Carilah sebuah pose yang santai.”
Aku mengikuti
instruksinya dalam kebingungan sebelum akhirnya menyadari kalau ia bermaksud
melukis diriku.
Ia sibuk
menggambar, terlihat sopan saat entah darimana ia mendadak berkata, “Miao Qing
lebih memilih mati ketimbang menikahi pangeran kedua Laut Barat. Ia sudah
sangat baik kepada A Li dan diriku, jadi aku membawanya kembali ke Istana
Langit dan mempekerjakannya di sana sebagai seorang pelayan. Saat ia sudah
memiliki sebuah kesempatan untuk mempertimbangkan semua pilihannya, ia bisa
kembali.”
Aku menatapnya
bodoh.

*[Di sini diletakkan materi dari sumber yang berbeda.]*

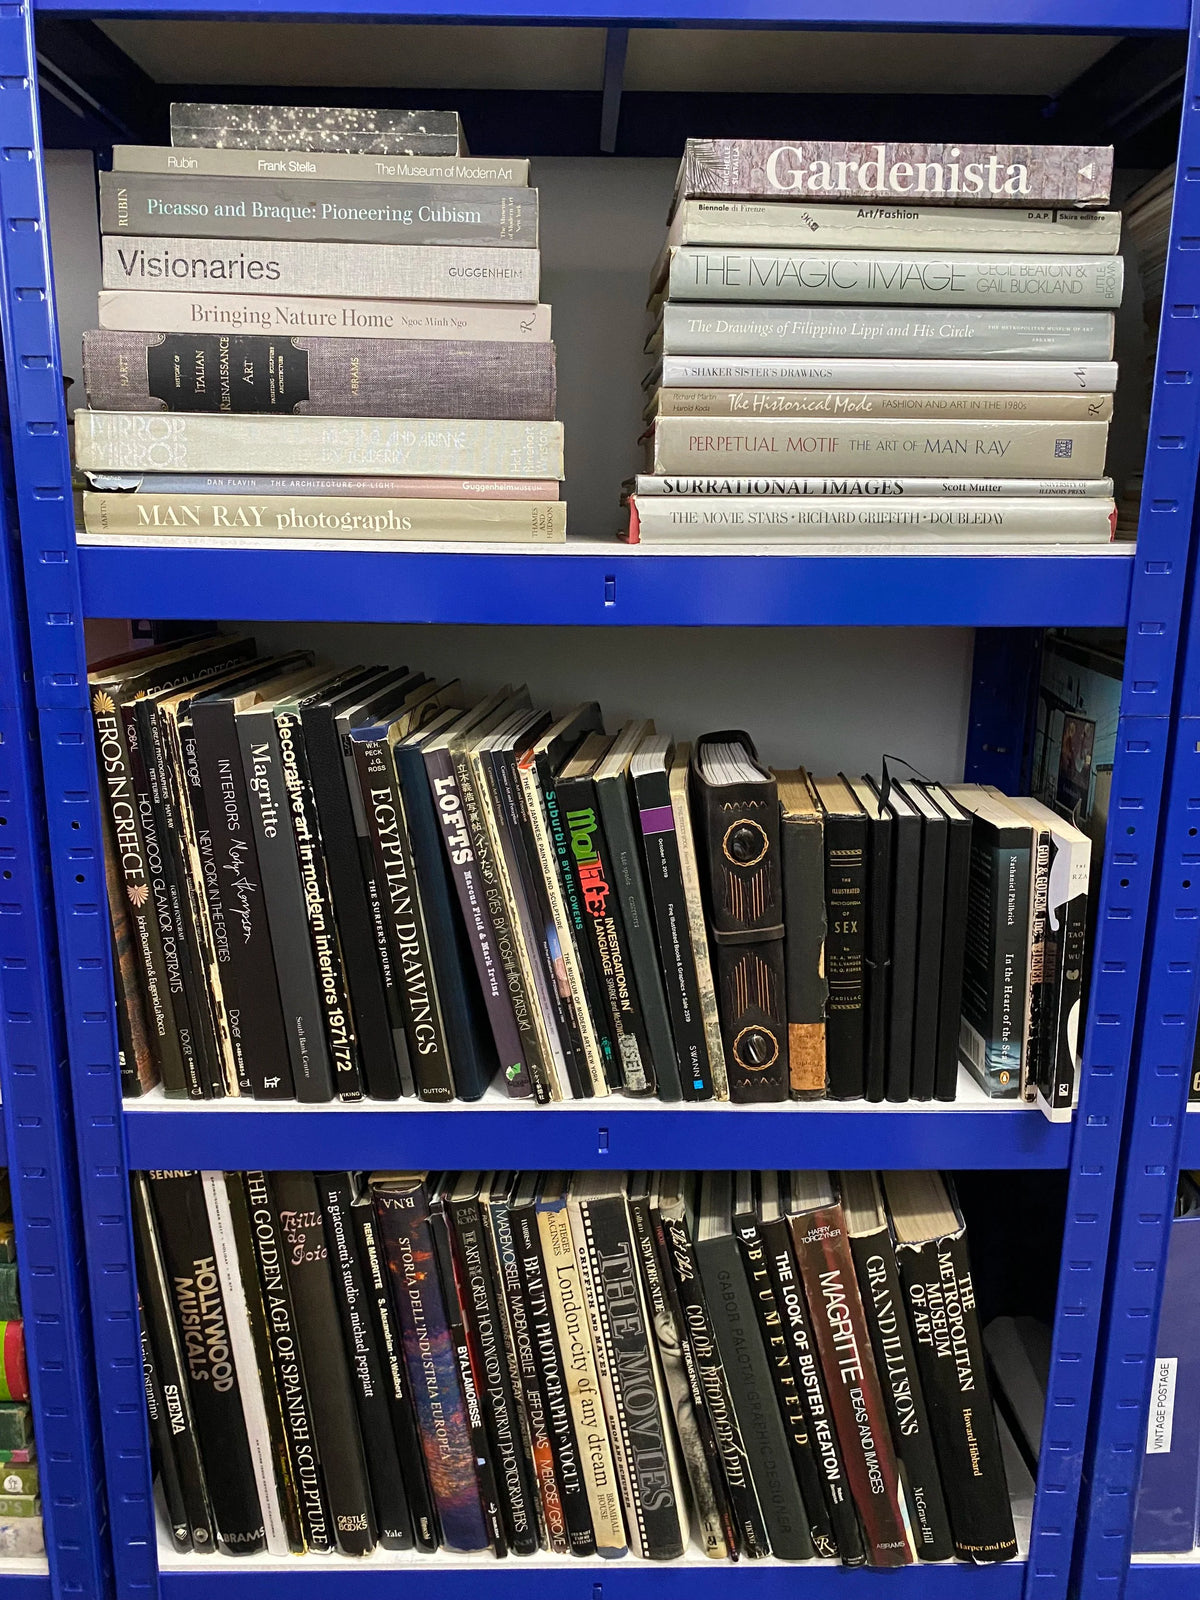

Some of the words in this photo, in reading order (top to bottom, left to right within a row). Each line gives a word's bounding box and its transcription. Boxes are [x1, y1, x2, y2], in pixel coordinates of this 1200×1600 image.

[167, 156, 198, 169] Rubin
[257, 159, 287, 172] Frank
[288, 161, 316, 173] Stella
[375, 163, 396, 176] The
[397, 164, 442, 178] Museum
[444, 165, 455, 177] of
[456, 166, 497, 180] Modern
[498, 168, 513, 180] Art
[766, 146, 1032, 194] Gardenista
[118, 187, 128, 227] RUBIN
[147, 198, 208, 216] Picasso
[214, 202, 246, 217] and
[252, 203, 316, 222] Braque:
[321, 204, 414, 226] Pioneering
[418, 206, 482, 224] Cubism
[698, 204, 730, 212] Biennale
[731, 204, 738, 212] di
[739, 205, 766, 213] Firenze
[856, 208, 920, 220] Art/Fashion
[117, 249, 281, 280] Visionaries
[690, 255, 741, 286] THE
[749, 257, 858, 289] MAGIC
[868, 258, 966, 292] IMAGE
[190, 304, 271, 328] Bringing
[274, 306, 337, 326] Nature
[342, 309, 394, 328] Home
[688, 320, 712, 332] The
[716, 320, 774, 336] Drawings
[776, 321, 790, 339] of
[792, 322, 847, 340] Filippino
[850, 322, 884, 340] Lippi
[886, 324, 908, 336] and
[912, 324, 935, 338] His
[939, 324, 974, 338] Circle
[195, 350, 206, 394] ITALIAN
[220, 336, 232, 412] RENAISSANCE
[242, 360, 254, 384] ART
[728, 393, 749, 412] The
[753, 394, 832, 413] Historical
[834, 394, 873, 413] Mode
[882, 400, 923, 408] FASHION
[926, 400, 948, 408] AND
[950, 400, 967, 409] ART
[970, 401, 980, 409] IN
[984, 401, 1000, 410] THE
[1004, 402, 1027, 410] 1980s
[688, 436, 778, 452] PERPETUAL
[786, 438, 840, 453] MOTIF
[850, 440, 870, 451] THE
[876, 440, 899, 451] ART
[902, 440, 919, 451] OF
[924, 440, 968, 454] MAN
[975, 440, 1011, 458] RAY
[662, 479, 814, 495] SURRATIONAL
[822, 480, 904, 495] IMAGES
[942, 482, 966, 492] Scott
[969, 483, 1002, 492] Mutter
[138, 504, 200, 526] MAN
[212, 505, 268, 527] RAY
[276, 508, 412, 533] photographs
[96, 716, 125, 773] EROS
[127, 724, 138, 752] KOBAL
[278, 714, 305, 814] decorative
[368, 765, 386, 773] ROSS
[107, 776, 134, 798] IN
[218, 759, 241, 832] INTERIORS
[250, 742, 279, 839] Magritte
[138, 792, 163, 874] HOLLYWOOD
[294, 814, 314, 841] art
[434, 775, 474, 865] LOFTS
[546, 790, 566, 855] Suburbia
[112, 802, 144, 880] GREECE
[300, 843, 316, 860] in
[562, 860, 570, 872] BY
[564, 874, 574, 894] BILL
[1008, 856, 1018, 892] Nathaniel
[152, 878, 174, 933] GLAMOR
[302, 862, 325, 936] modern
[368, 879, 378, 899] THE
[370, 788, 414, 916] EGYPTIAN
[396, 922, 438, 1055] DRAWINGS
[372, 901, 386, 944] SURFER'S
[570, 894, 584, 930] OWENS
[834, 920, 858, 934] SEX
[1008, 892, 1016, 926] Philbrick
[162, 936, 184, 994] PORTRAITS
[316, 936, 339, 1006] interiors
[379, 946, 393, 988] JOURNAL
[1004, 954, 1014, 965] In
[1004, 966, 1014, 983] the
[1002, 986, 1013, 1013] Heart
[1002, 1014, 1012, 1026] of
[1002, 1028, 1011, 1042] the
[328, 1007, 353, 1073] 1971/72
[1001, 1044, 1010, 1061] Sea
[690, 1044, 700, 1078] SWANN
[247, 1170, 268, 1206] THE
[254, 1209, 284, 1291] GOLDEN
[363, 1222, 375, 1246] RENE
[368, 1246, 384, 1290] MAGRITTE
[776, 1250, 793, 1282] THE
[523, 1255, 549, 1317] BEAUTY
[598, 1242, 645, 1340] THE
[909, 1284, 927, 1307] OF
[958, 1272, 976, 1313] THE
[193, 1256, 234, 1392] HOLLYWOOD
[268, 1296, 291, 1334] AGE
[556, 1263, 591, 1372] London-city
[782, 1284, 804, 1328] LOOK
[926, 1282, 953, 1359] MUSEUM
[937, 1251, 976, 1392] METROPOLITAN
[174, 1276, 210, 1382] MUSICALS
[793, 1330, 810, 1351] OF
[818, 1269, 864, 1385] MAGRITTE
[866, 1254, 898, 1334] GRAND
[882, 1336, 920, 1437] ILLUSIONS
[914, 1310, 935, 1347] ART
[276, 1336, 296, 1361] OF
[398, 1238, 418, 1287] STORIA
[408, 1289, 440, 1399] DELL'INDUSTRIA
[430, 1402, 452, 1461] EUROPEA
[535, 1322, 570, 1435] PHOTOGRAPHY
[578, 1377, 597, 1396] of
[685, 1304, 712, 1358] COLOR
[701, 1364, 747, 1489] PHOTOGRAPHY
[798, 1354, 826, 1417] BUSTER
[1157, 1362, 1170, 1408] POSTAGE
[164, 1384, 186, 1436] SIENA
[280, 1364, 310, 1441] SPANISH
[581, 1398, 598, 1428] any
[850, 1386, 869, 1423] IDEAS
[614, 1344, 674, 1511] MOVIES
[858, 1424, 875, 1450] AND
[1154, 1409, 1166, 1450] VINTAGE
[558, 1442, 581, 1495] VOGUE
[588, 1432, 608, 1488] dream
[814, 1418, 841, 1481] KEATON
[864, 1451, 885, 1495] IMAGES
[295, 1445, 328, 1545] SCULPTURE
[384, 1528, 403, 1538] Yale
[913, 1487, 935, 1545] McGraw-Hill
[216, 1527, 265, 1544] ABRAMS

Aku tidak menduga ia akan membicarakan tentang Miao Qing.
Ia mengangkat
kepalanya, dan dengan kehangatan pada wajahnya, ia berkata, “Apakah ada hal
lain yang ingin kau tanyakan kepadaku? Tanyakan saja, kalau memang ada.”
Sebenarnya ada.
“Tanganku kebas. Bisakah aku mengubah posisi?”
Ia keheranan
dan tertawa. Ia menggambarkan beberapa garis lagi dan berkata, “Terserah saja.”
Aku berakhir
tertidur seperti itu di atas kursi malas bambu.
Ketika aku
terbangun, hari sudah gelap. Aku diselimuti dengan jubah hitam legam milik Ye
Hua, tetapi ia tidak tampak dimanapun.